Edición Impresa, Policiales

Detenido

Tenía una molotov frente a la casa de la familia Ratari

El sospechoso hizo una serie de movimientos llamativos en la puerta de la vivienda y los dueños decidieron llamar al 911.


Un hombre, de 34 años fue detenido anteanoche acusado de intentar arrojar una bomba molotov contra el frente de la casa de los padres de Matías Ratari, un muchacho que fue asesinado a mediados del mes pasado. El sospechoso hizo una serie de movimientos llamativos en la puerta de la vivienda y los dueños decidieron llamar al 911. Unos minutos después un grupo de policías de Comando Radioeléctrico se presentó en el lugar, arrestó al presunto agresor y le incautó una bomba de fabricación casera. Cuando fue entrevistado, el detenido aseguró que era pirómano y pretendía prender fuego un container de basura, según fuentes judiciales. Ayer fue imputado de tenencia de materiales destinados para la preparación de explosivos. Para la Fiscalía de Flagrancia y Turno, por el momento, no hay nada que vincule el hecho con el homicidio de Matías.

Anteanoche, unos minutos antes de las 21, los familiares de Matías Ratari estaban en la puerta de su casa, de Deán Funes al 500, despidiendo a unos amigos que habían llegado de visita, cuando los movimientos de un hombre dentro de un Volkswagen Gol Trend los alertó. “Después de haber pasado tres veces por el frente de mi casa a muy baja velocidad, el tipo paró en la puerta y empezó a mover el auto de atrás para adelante; como si estuviera buscando algo”, explicó Luis Ratari, padre de Matías, en diálogo con El Ciudadano.

Por ello los dueños de casa decidieron avisar al 911 y, cinco minutos después del llamado, uniformados de Comando Radioeléctrico se presentaron e intentaron hablar con el hombre del VW. Según lo que contó Luis, el conductor maltrató a los policías y se burló de ellos; lo que produjo que lo obligaran a bajar del auto.

Cuando los pesquisas revisaron el coche encontraron una bomba molotov y un bidón con cinco litros de nafta. “Cuando lo arrestaron el tipo me clavó la mirada, con cara de loco. Es posible que la bomba haya sido para mí”, explicó Luis.

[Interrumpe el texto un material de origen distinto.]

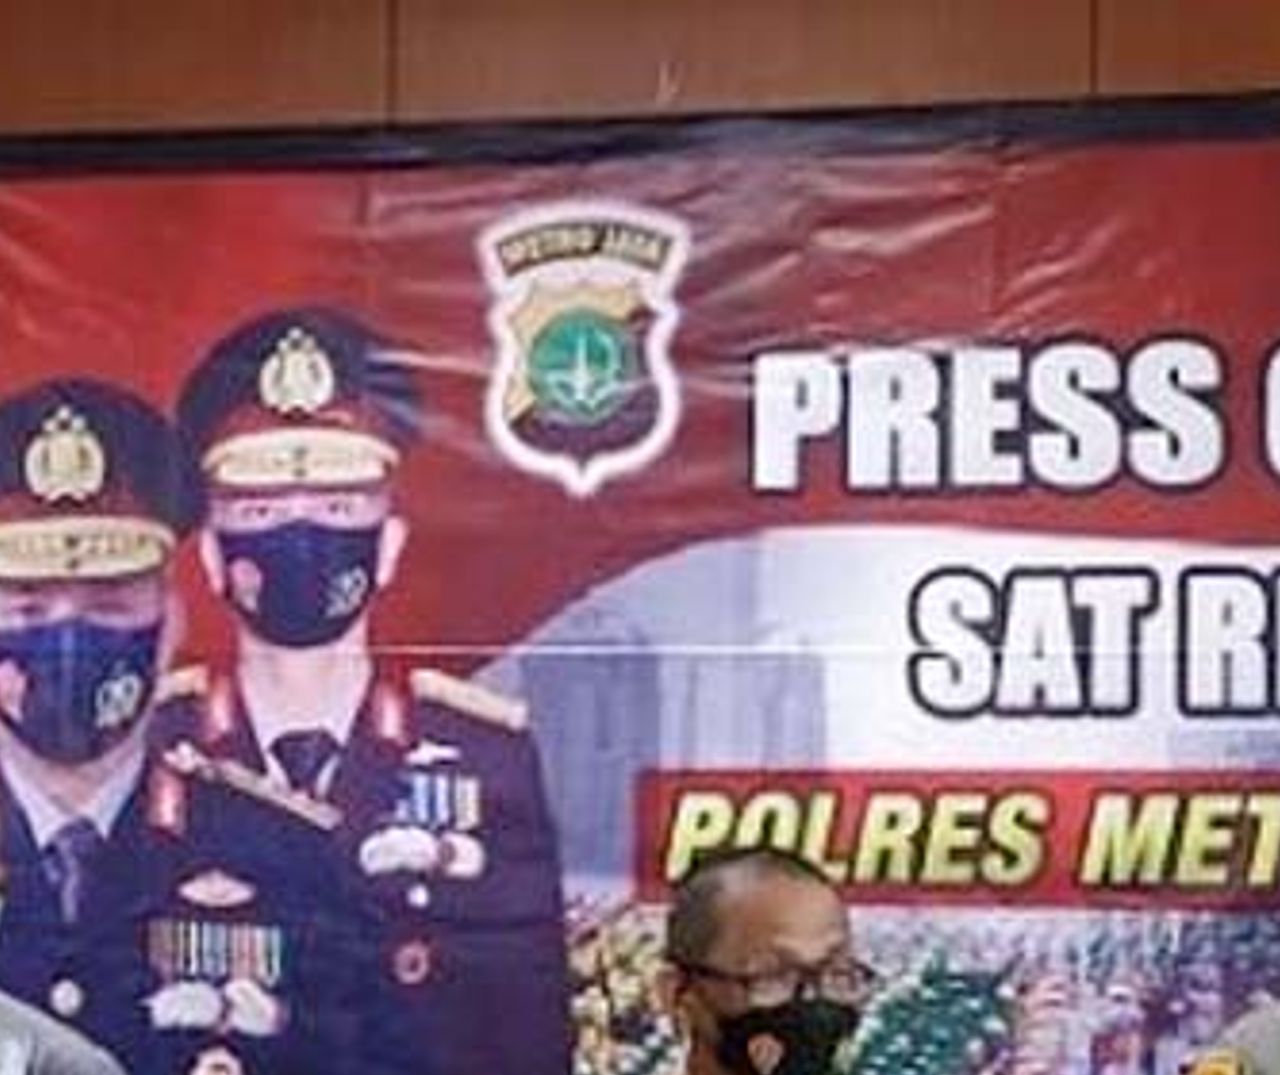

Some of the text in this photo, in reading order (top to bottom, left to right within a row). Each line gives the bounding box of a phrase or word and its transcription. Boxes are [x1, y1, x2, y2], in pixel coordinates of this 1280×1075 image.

Según fuentes del caso, el explosivo estaba construido dentro de una botella de champagne pequeña, a la cual le habían agregado un caño metálico en el pico, con un trapo en el extremo –a modo de mecha–. A su vez, en el interior de la bomba había un gel y recortes de hierro. Los policías encontraron también un bidón con cinco litros de nafta.

El sospechoso, identificado como  Daniel Iván B., de 34 años, fue puesto a disposición de la Fiscalía de Flagrancia y Turno. Cuando los investigadores lo entrevistaron, Daniel aseguró que era pirómano y planeaba hacer explotar un contenedor de basura. Por ello fue acusado por el fiscal Marcelo Maximino de tenencia de materiales destinados para la preparación de explosivos y quedó en libertad, ya que la figura elegida para la acusación no prevé prisión preventiva. A su vez, los pesquisas le incautaron el teléfono celular, para intentar determinar si el hombre tiene alguna relación con el homicidio de Matías Ratari.

A Matías Ratari lo mataron la madrugada del 16 de abril. El joven estaba con un amigo en Cochabamba al 300, cuando Lucas F. le disparó desde un tercer piso de un edificio de la cuadra, en circunstancias que son materia de investigación. El homicida está detenido y admitió ser el autor de los disparo; pero aseguró que lo hizo para proteger a su familia, que estaba era asaltada por Matías y su acompañante. Según el amigo de Matías, quien fue imputado de tentativa de robo simple –es decir un arrebato, sin uso de armas– por los hechos de 16 de abril y volvió a su casa, aquella madrugada tuvieron una discusión con un grupo de personas que terminó cuando se comenzaron a escuchar una serie de tiros.

Carina C., pareja de Lucas F. y dueña del departamento desde el cual disparó el muchacho, es la única persona prófuga en el marco de la investigación a cargo del fiscal Rafael Coria.

Según su abogado, Froilán Ravena, la mujer no se va a presentar ante la Justicia por el momento. “Ella se presentó sola en el Ministerio Público de la Acusación y aportó datos concretos sobre los hechos. Por lo que, hasta que no se esclarezca cuáles son las pretensiones de la Fiscalía, no se va a entregar”,  señaló el letrado.

Según el planteo del defensor, Carina no puede ser acusada de encubrimiento; no sólo por el hecho de que ayudó al arresto de su pareja, sino porque el Código Penal establece que está exenta de responsabilidad por tener una relación sentimental con el homicida, describió.